Dr Nicholas Gruen is a widely published policy economist, entrepreneur and thought leader. He is currently CEO of Lateral Economics and Chair of Open Knowledge Foundation (Australia). He is also Visiting Professor at King’s College London Policy Institute and Adjunct Professor at UTS Business School.

He is Patron of the Australian Digital Alliance, which comprises Australia’s libraries, universities, and major providers of digital infrastructure such as Google and Yahoo, and founder and Chair of Peach Home Loans, Australia’s first discount mortgage broker.

Between 2010 and 2016, he chaired The Australian Centre for Social Innovation (Adelaide). He was on the Council of the National Library of Australia until 2016. He also chaired Australia’s internationally acclaimed Government 2.0 Taskforce for the Federal Government. Nicholas was founding Chairman of data analytics crowdsourcing platform, Kaggle, which has recently been purchased by Google.

He is an investor in numerous start-ups in Australia and internationally including:

Slant.co which seeks to revolutionise consumers’ product knowledge,

Breezedocs which is developing semantic document management systems,

Lendable which delivers microloans to fund solar energy in the developing world and

HealthKit which has gone from start-up to leading vendor of medical practice management software since 2012.

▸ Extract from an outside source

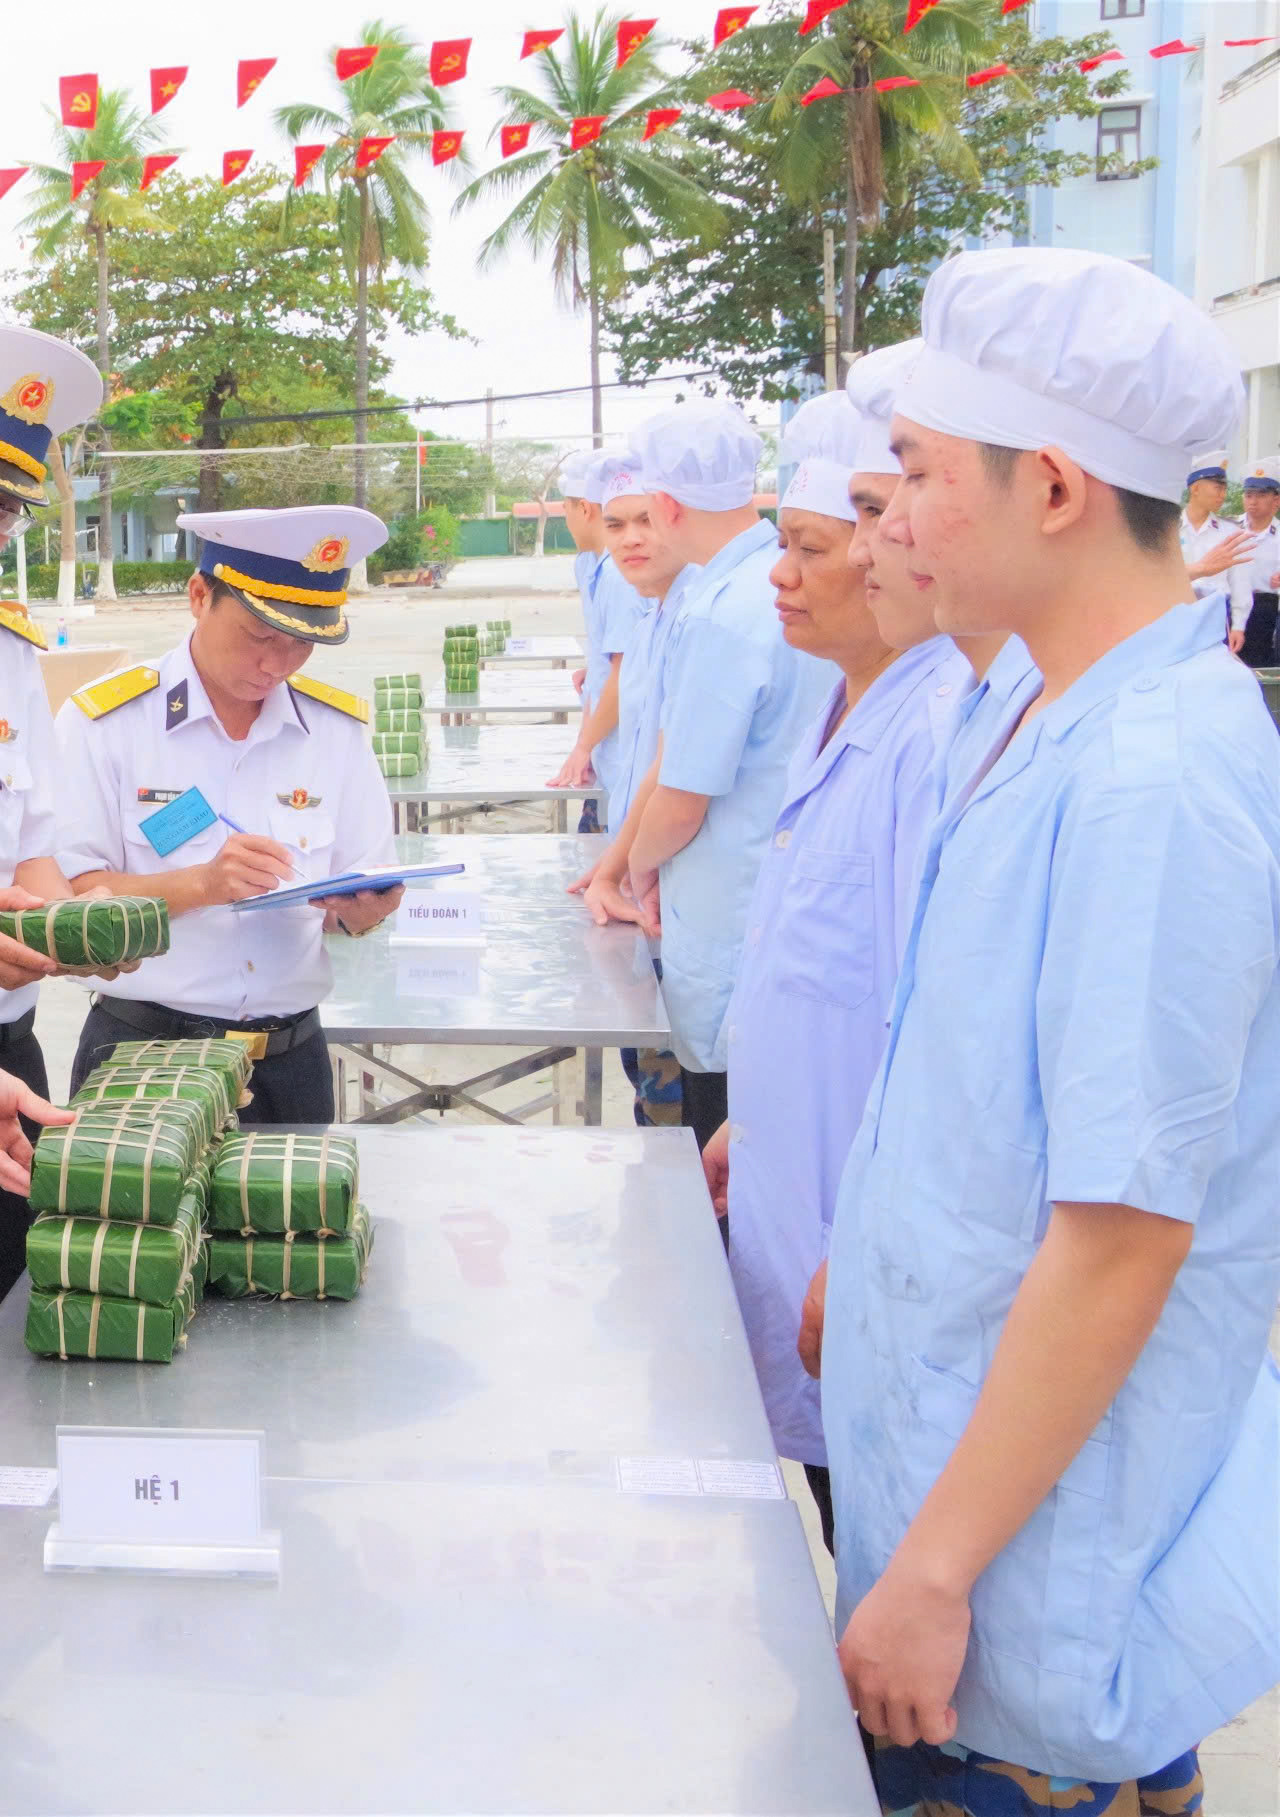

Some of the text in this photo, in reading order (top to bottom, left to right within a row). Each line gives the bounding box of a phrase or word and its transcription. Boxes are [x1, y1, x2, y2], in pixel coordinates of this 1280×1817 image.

[408, 904, 429, 919] TIỂU
[432, 905, 459, 919] ĐOÀN
[134, 1474, 181, 1506] HỆ 1

Notably, Nicholas sat on Australia’s Productivity Commission in the 1990s and  has had regular columns in The Australian Financial Review, The Age and The Sydney Morning Herald and has published numerous essays on political, economic and cultural matters, several of which have been published in annual Best Essays anthologies.

Nicholas advised two cabinet ministers in the 1980s and 90s, taught at ANU, and directed the New Directions project at the Business Council from 1997 to 2000.

He was a member of a major review into Australia’s Innovation System in 2008 and a review of pharmaceutical patent extensions in 2013.

Nicholas holds a BA (Hons-First Class) in History (1981), a Graduate Diploma in Economics and a PhD from the ANU (1998), and an LLB (Hons) from the University of Melbourne (1982).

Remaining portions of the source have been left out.